Stored data:
= Beginning of Section =

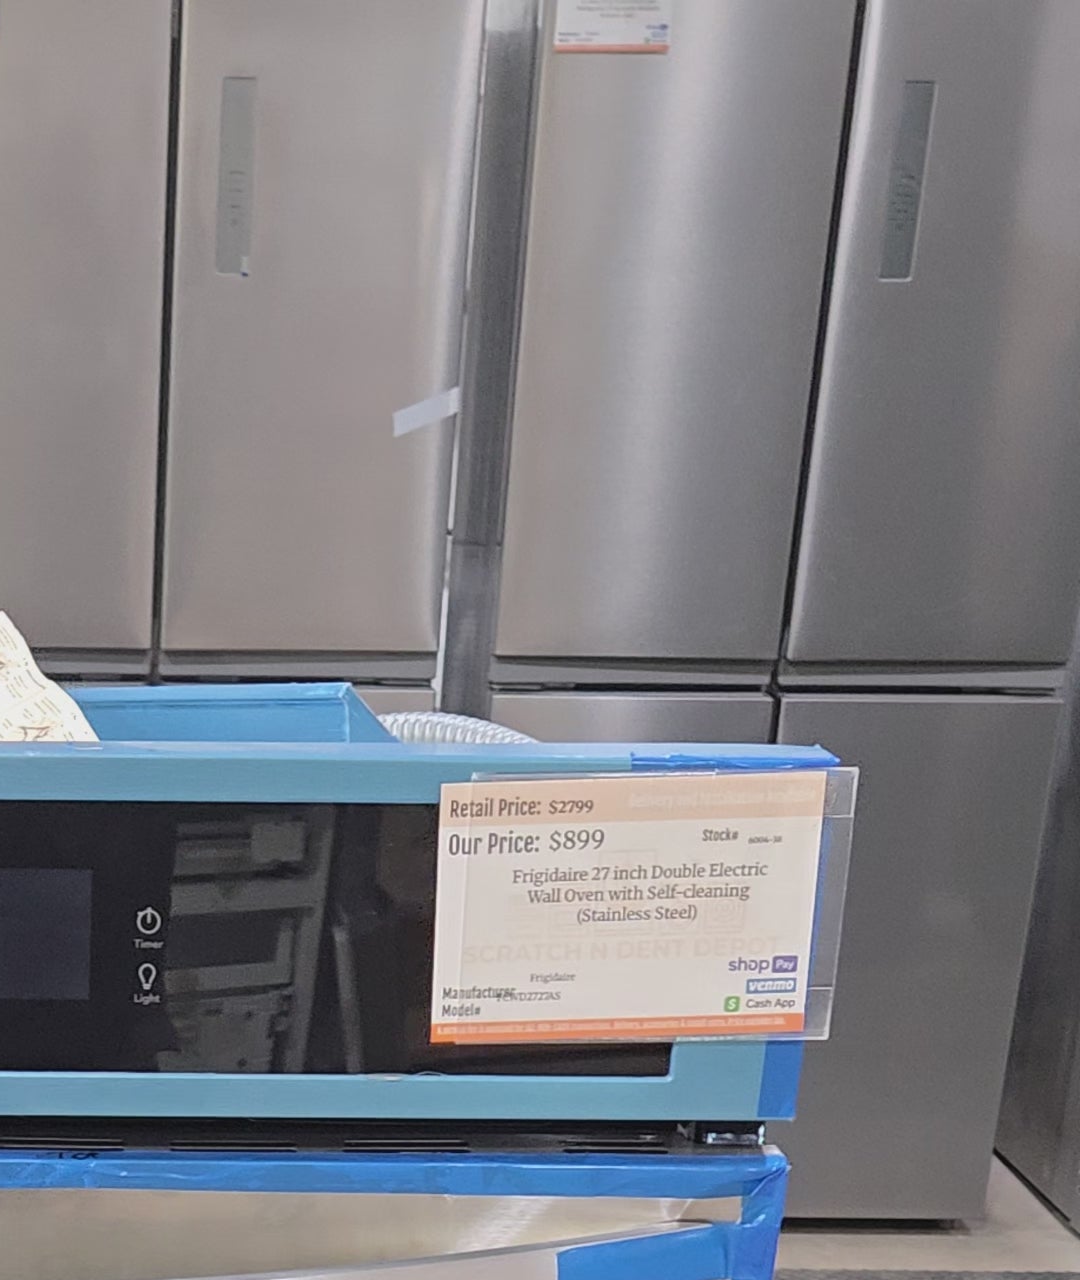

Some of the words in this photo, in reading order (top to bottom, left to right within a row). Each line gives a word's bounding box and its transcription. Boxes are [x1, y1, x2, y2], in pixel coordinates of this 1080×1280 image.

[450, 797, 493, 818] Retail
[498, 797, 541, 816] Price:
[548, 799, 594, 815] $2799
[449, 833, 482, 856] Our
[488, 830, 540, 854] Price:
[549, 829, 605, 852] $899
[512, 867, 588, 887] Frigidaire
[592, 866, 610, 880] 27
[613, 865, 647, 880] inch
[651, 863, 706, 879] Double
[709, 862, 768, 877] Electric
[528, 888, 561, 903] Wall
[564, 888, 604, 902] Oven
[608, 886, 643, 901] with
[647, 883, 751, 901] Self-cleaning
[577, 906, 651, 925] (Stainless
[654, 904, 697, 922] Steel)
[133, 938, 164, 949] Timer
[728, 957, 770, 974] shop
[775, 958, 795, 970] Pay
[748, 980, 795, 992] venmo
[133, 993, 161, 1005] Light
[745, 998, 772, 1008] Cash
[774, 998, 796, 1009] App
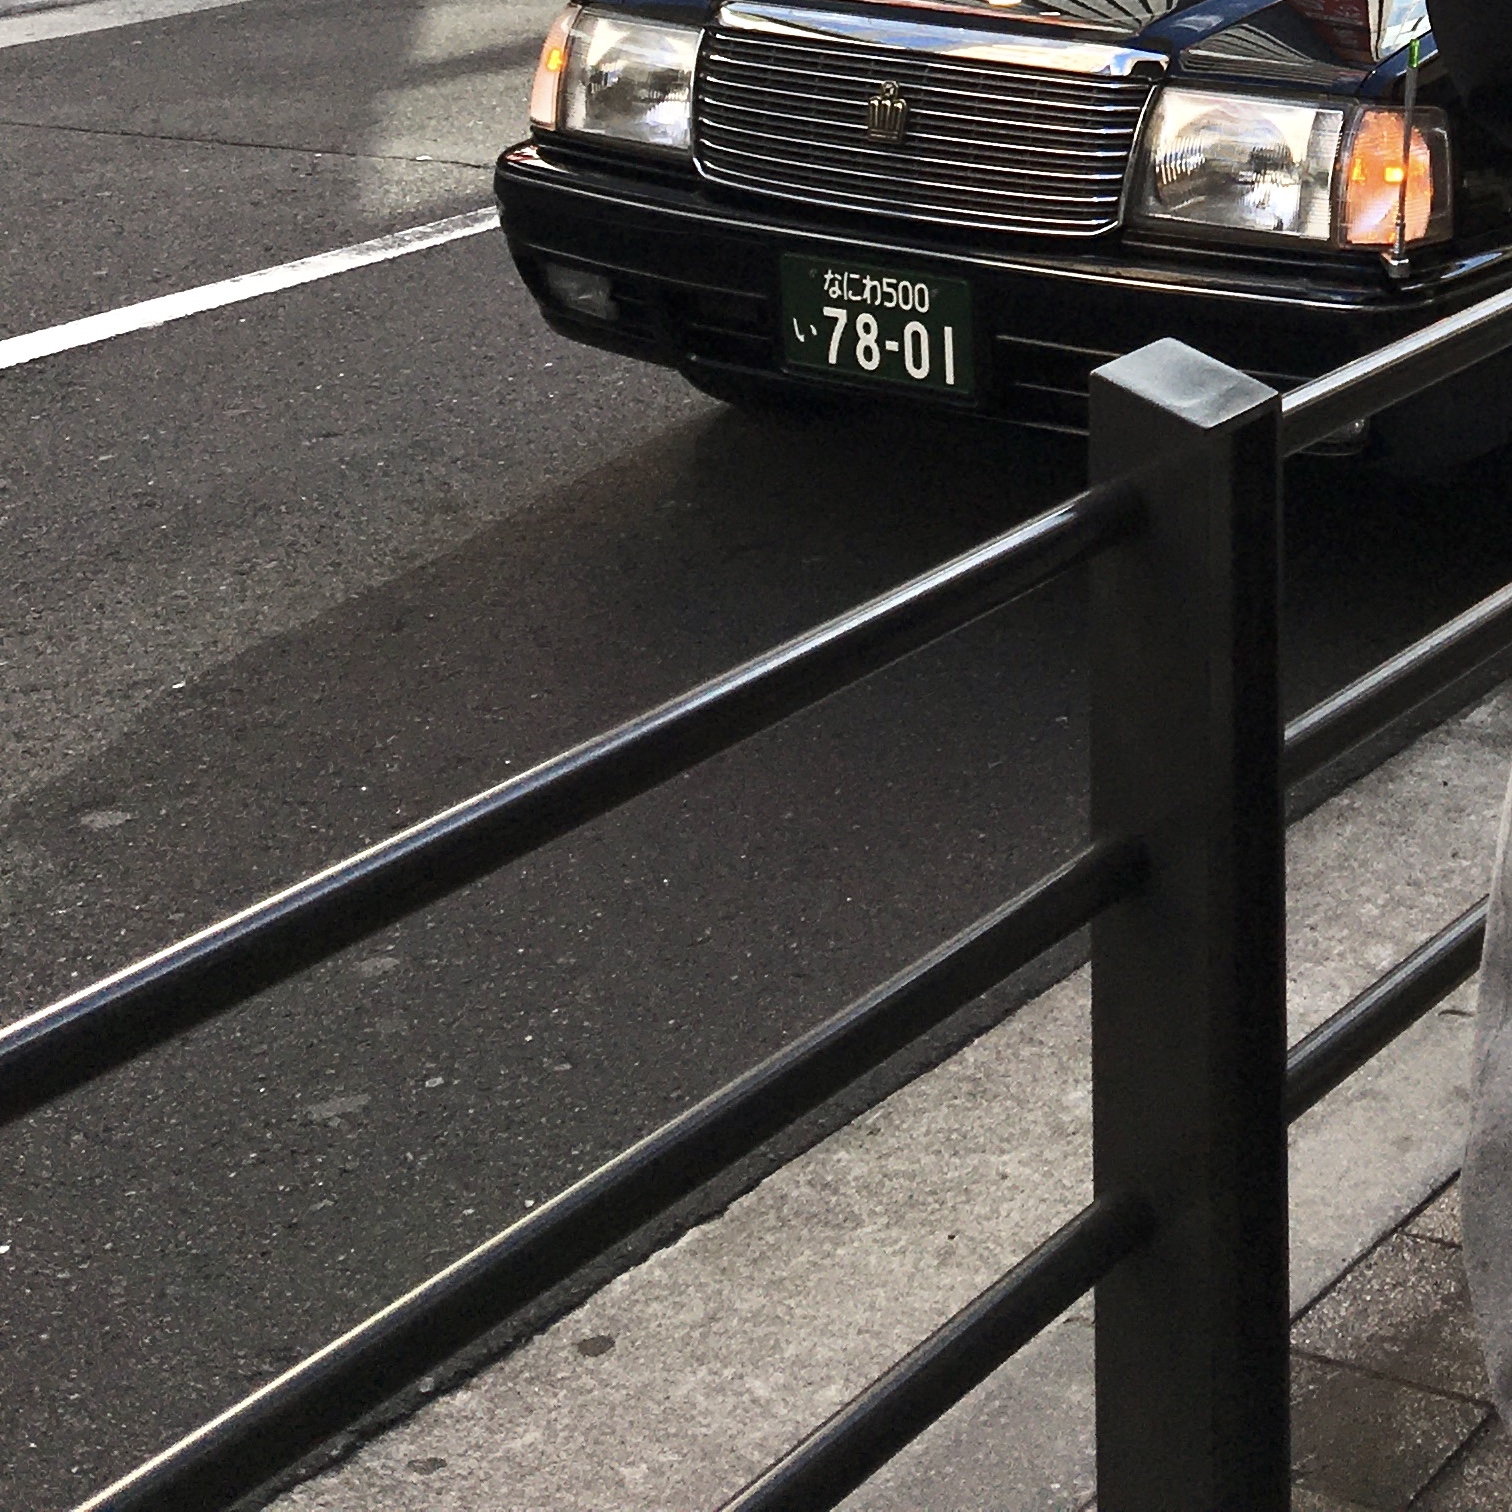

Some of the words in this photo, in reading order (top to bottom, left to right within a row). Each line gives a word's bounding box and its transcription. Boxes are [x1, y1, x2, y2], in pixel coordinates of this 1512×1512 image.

= End of Section =

Each entry should be set down exactly, pictures excluded.

Some of the words in this photo, in reading order (top to bottom, left to right within a row). Each line gives a word's bounding box and its transcription. Boxes are [x1, y1, x2, y2], in pixel coordinates of this 1080×1280 image.

[450, 797, 493, 818] Retail
[498, 797, 541, 816] Price:
[548, 799, 594, 815] $2799
[449, 833, 482, 856] Our
[488, 830, 540, 854] Price:
[549, 829, 605, 852] $899
[512, 867, 588, 887] Frigidaire
[592, 866, 610, 880] 27
[613, 865, 647, 880] inch
[651, 863, 706, 879] Double
[709, 862, 768, 877] Electric
[528, 888, 561, 903] Wall
[564, 888, 604, 902] Oven
[608, 886, 643, 901] with
[647, 883, 751, 901] Self-cleaning
[577, 906, 651, 925] (Stainless
[654, 904, 697, 922] Steel)
[133, 938, 164, 949] Timer
[728, 957, 770, 974] shop
[775, 958, 795, 970] Pay
[748, 980, 795, 992] venmo
[133, 993, 161, 1005] Light
[745, 998, 772, 1008] Cash
[774, 998, 796, 1009] App

Some of the words in this photo, in reading order (top to bottom, left to right within a row). Each line gives a word's bounding box and its transcription. Boxes are [x1, y1, x2, y2], in pixel coordinates of this 1512×1512 image.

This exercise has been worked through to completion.